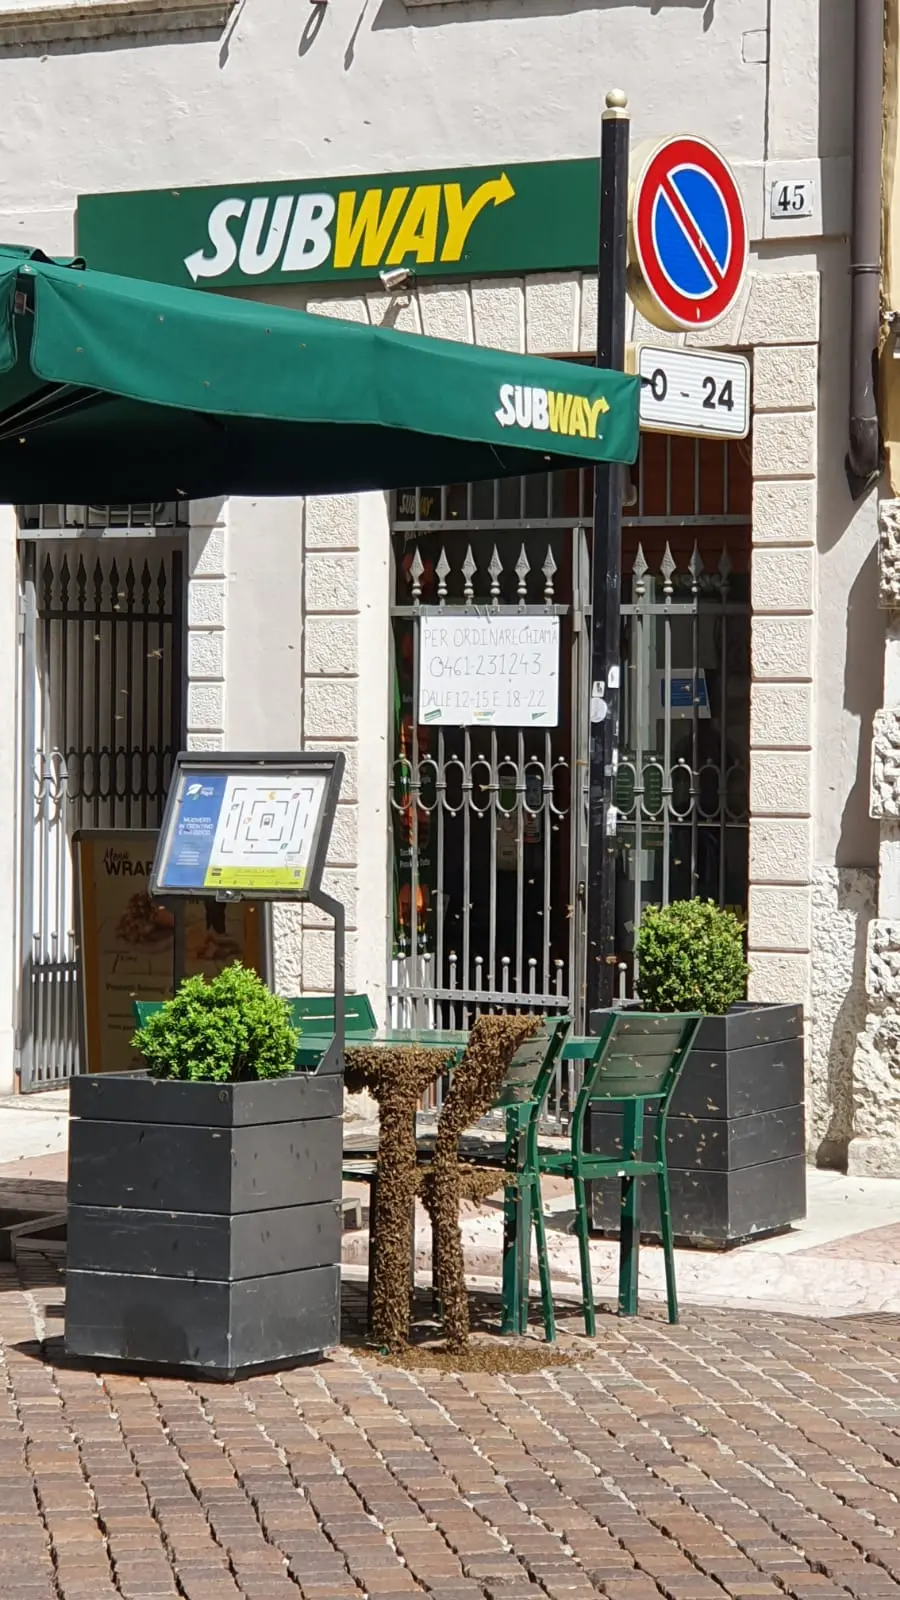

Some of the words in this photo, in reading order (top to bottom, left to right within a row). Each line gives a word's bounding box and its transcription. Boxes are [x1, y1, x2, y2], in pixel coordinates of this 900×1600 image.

[778, 185, 805, 211] 45
[184, 172, 515, 282] SUBWAY
[651, 368, 667, 401] 0
[702, 376, 734, 411] 24
[495, 384, 610, 438] SUBWAY
[424, 628, 449, 648] PER
[453, 628, 519, 648] ORDINARE
[519, 628, 557, 646] CHIAMA
[493, 691, 501, 707] E
[507, 690, 547, 708] 18-22
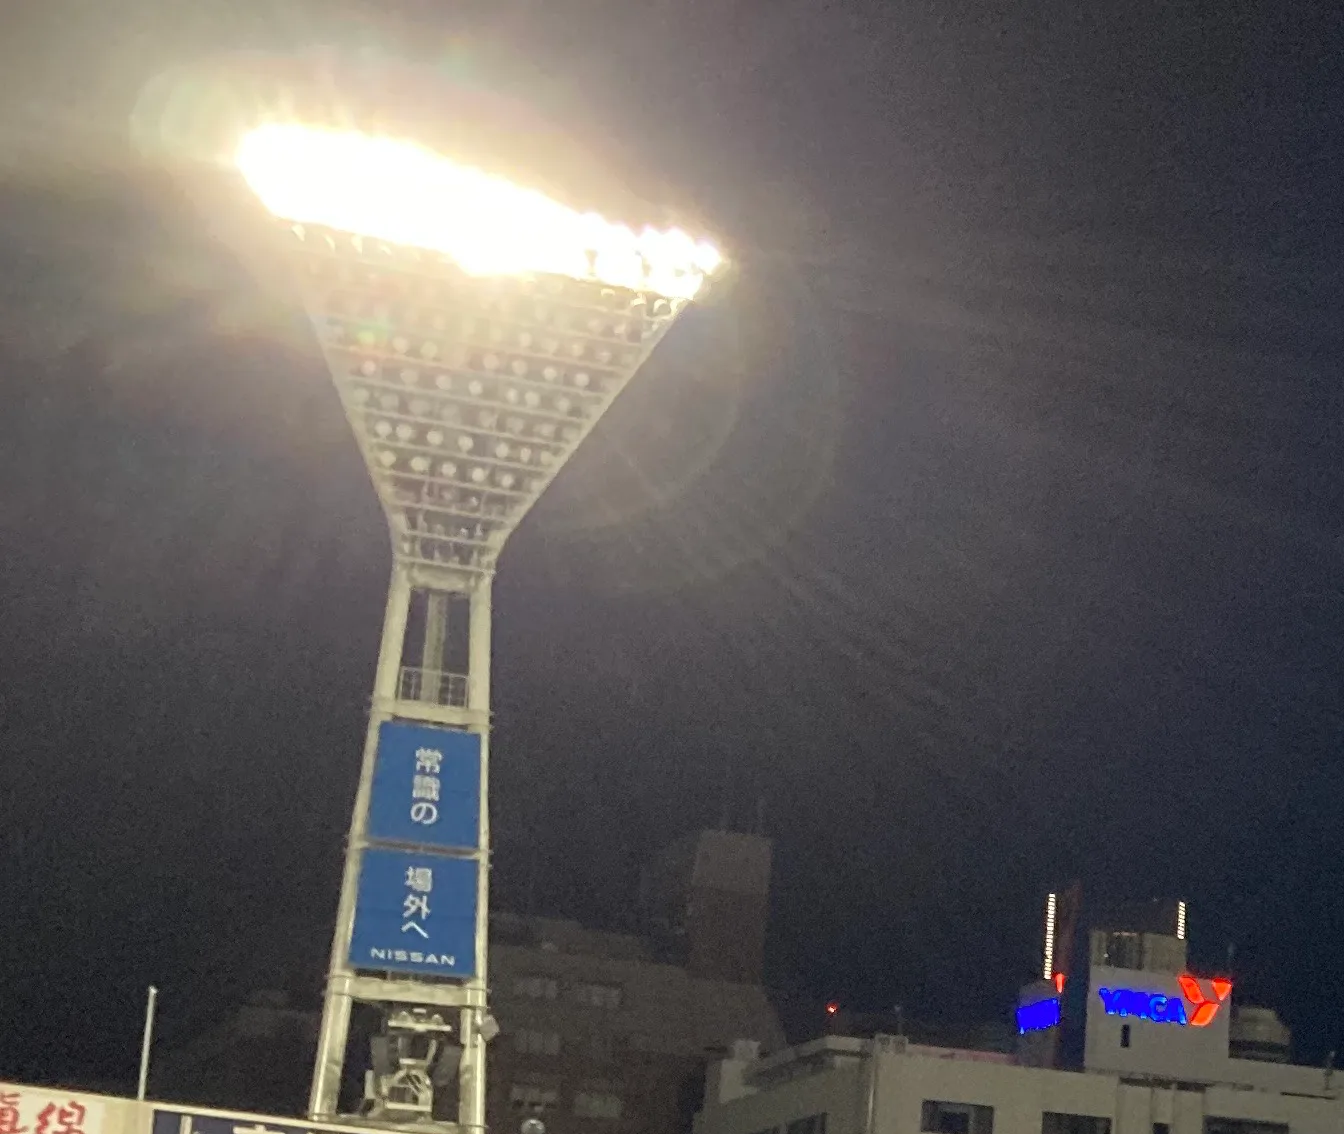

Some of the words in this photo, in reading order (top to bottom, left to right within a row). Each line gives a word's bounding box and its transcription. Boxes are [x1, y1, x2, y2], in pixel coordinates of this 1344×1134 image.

[401, 866, 434, 938] 場外へ
[370, 947, 456, 967] NISSAN

» **What the exercise asks**: Pictures don't belong in the copy. Restate all the entries exactly.

» **Task result**:
Some of the words in this photo, in reading order (top to bottom, left to right within a row). Each line gives a word's bounding box and its transcription. Boxes are [x1, y1, x2, y2], in pixel coordinates of this 900×1600 image.

[778, 185, 805, 211] 45
[184, 172, 515, 282] SUBWAY
[651, 368, 667, 401] 0
[702, 376, 734, 411] 24
[495, 384, 610, 438] SUBWAY
[424, 628, 449, 648] PER
[453, 628, 519, 648] ORDINARE
[519, 628, 557, 646] CHIAMA
[493, 691, 501, 707] E
[507, 690, 547, 708] 18-22

Some of the words in this photo, in reading order (top to bottom, left to right within a row). Each line gives a word's bounding box and its transcription. Boxes are [x1, y1, x2, y2], in pixel coordinates of this 1344×1134 image.

[401, 866, 434, 938] 場外へ
[370, 947, 456, 967] NISSAN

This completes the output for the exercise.